- In 2012, less than 12 percent of U.S. residents moved and less than two percent had moved from one state to another. (“Generational Perspectives on Residential Mobility: Implications for Housing Demand”)
- Sixty-seven percent of top producing REALTORS® with an income of at least $150,000 have a Bachelor’s Degree or higher. (“Education and Success in Real Estate: The Relationship Between Education Levels and Success Among Top Producing Real Estate Professionals in the Intermountain Multiple Listing Service”)
- Twenty-two percent of buyers who were born between 1955 and 1964 purchased a multigenerational home. (“Multigenerational Housing: A Multifaceted Issue”)
- Within 30 hours of the terrorist attacks on 9/11, NAR launched the REALTORS® Housing Relief Fund (“From the Archives: 2000-2009: A Decade of Turbulence”)
The Journal of the Center for Real Estate Studies, edited and published by the Richard J Rosenthal Center for Real Estate Studies, has released its Fall Edition, volume 2, number 2. There is much to be gleaned from top research that addresses important issues in real estate today.
The first article, “Generational Perspectives on Residential Mobility: Implications for Housing Demand,” by Lisa A. Sturtevant, Ph.D., Vice President for Research for the National Housing Conference and Executive Director of the Center for Housing Policy in Washington, DC, reports on a research project, sponsored by the Rosenthal Center, designed to examine the decline in residential mobility in the United States.
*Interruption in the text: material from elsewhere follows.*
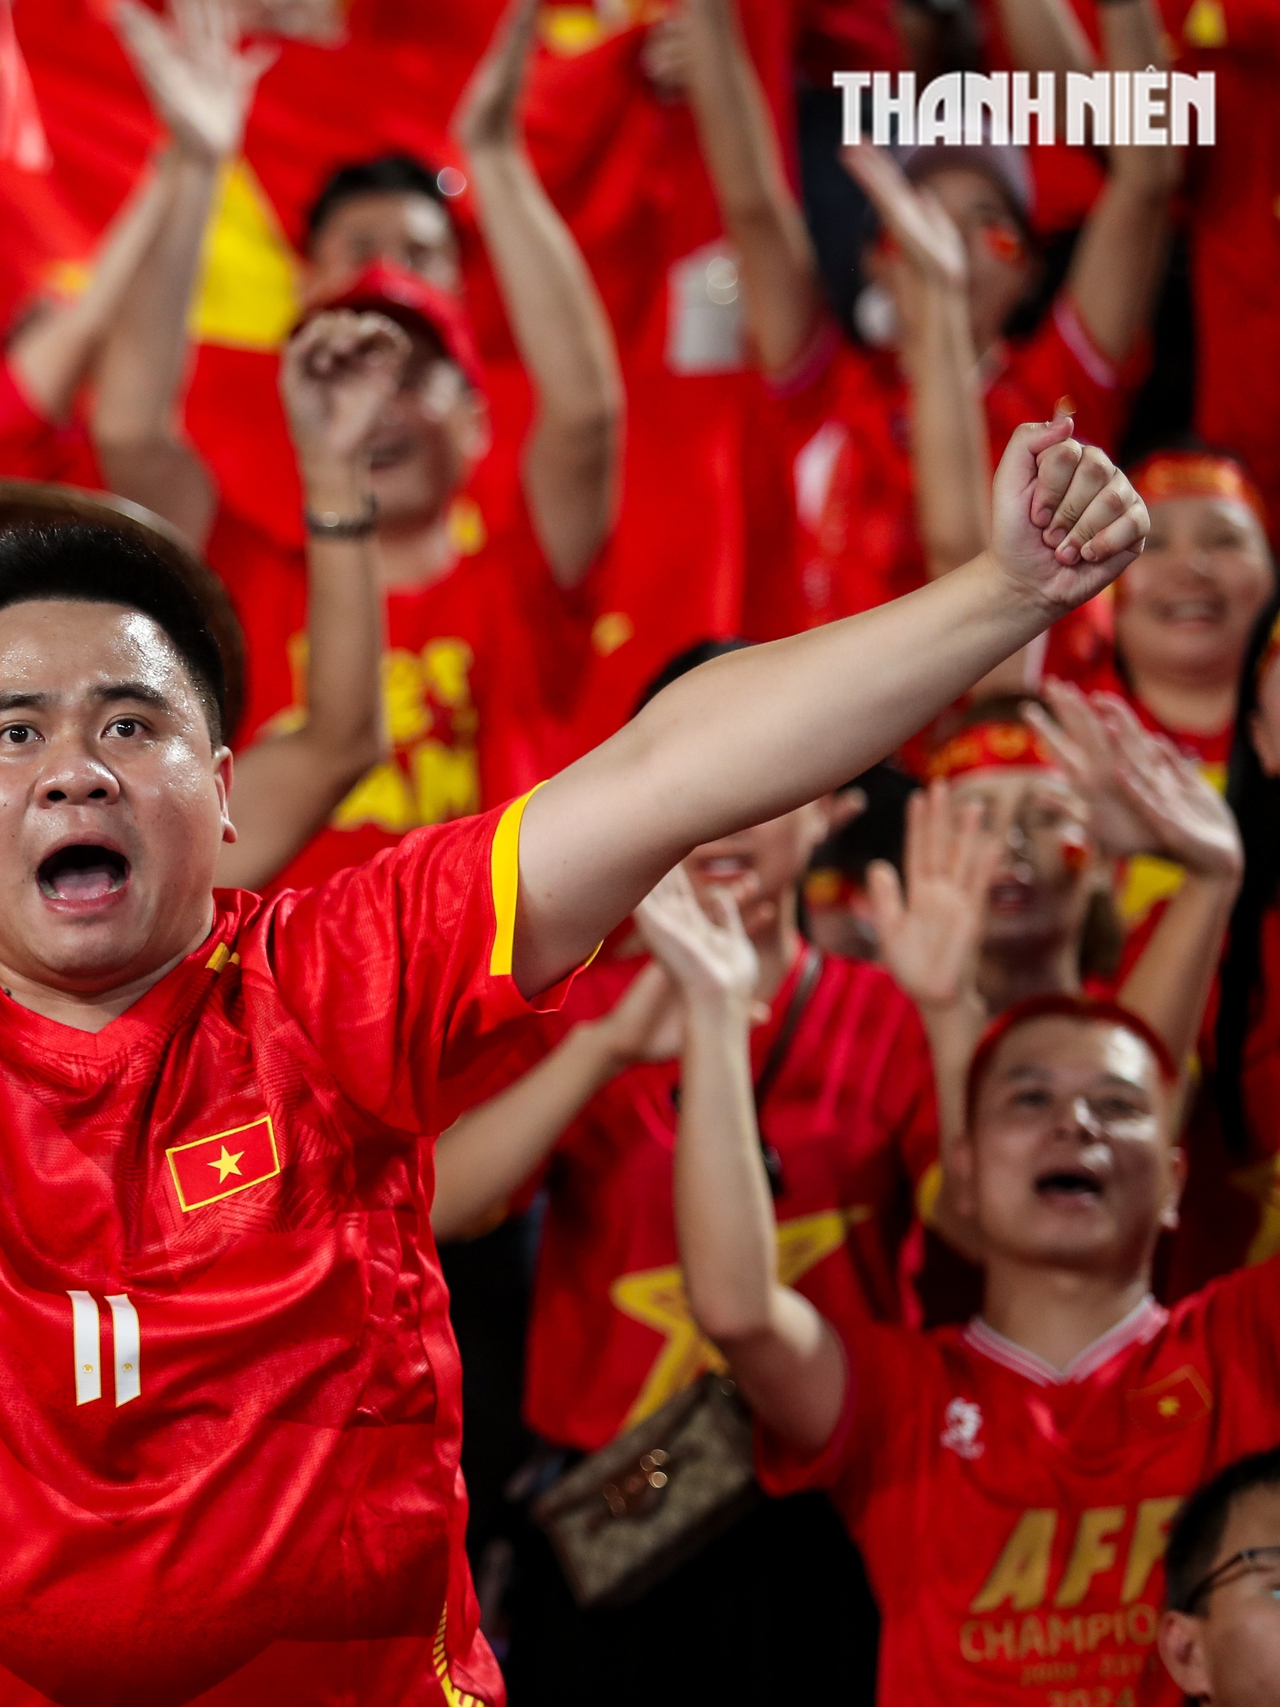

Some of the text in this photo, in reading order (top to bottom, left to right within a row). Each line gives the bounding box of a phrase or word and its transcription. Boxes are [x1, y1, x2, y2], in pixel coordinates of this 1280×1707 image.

In particular, Sturtevant notes, the Echo Boom population, or Millennials, who were in their 20s in the last decade, appear to be significantly less mobile than their predecessors, the Baby Boomers were, and this decline in mobility is associated with life-cycle factors, the economic recession and the housing market. This research and was presented during THE NATIONAL ASSOCIATION OF REALTORS® Annual Conference & Expo in New Orleans. We are proud of the funding role the Richard J. Rosenthal Center for Real Estate Studies has played.
In her winning Capstone Project from the 2014 graduating class at REALTOR® University, Tami McHugh, MRE examines the relationship between educational attainment and the level of success, focusing on the real estate industry in her native Idaho. McHugh’s key findings show education often trumps experience. Research showed there is a significant positive relationship between education and success among top producing real estate professionals. In this study, 93 percent of top producers had attended at least some college, 60 percent had earned a bachelor’s degree or higher and 14 percent had attended or completed graduate school. In addition, the positive correlation between income and post-graduate education is a strong indicator of the value and need for real estate professionals to consider pursuing post-graduate education.
Finally, Jessica Lautz, Director, Member and Consumer Survey Research, NATIONAL ASSOCIATION OF REALTORS®, in Washington, DC writes in “Multigenerational Housing: A Multifaceted Issue,” that a variety of data sources suggest a trend of moving back to multigenerational housing is now underway. 14 percent of recent buyers purchased a multigenerational home and 24 percent of multigenerational buyers bought this type of home because children over the age of 18 were moving back into the home. In her research, Lautz shows that understanding the needs and potential growth of these types of homes is essential for real estate professionals.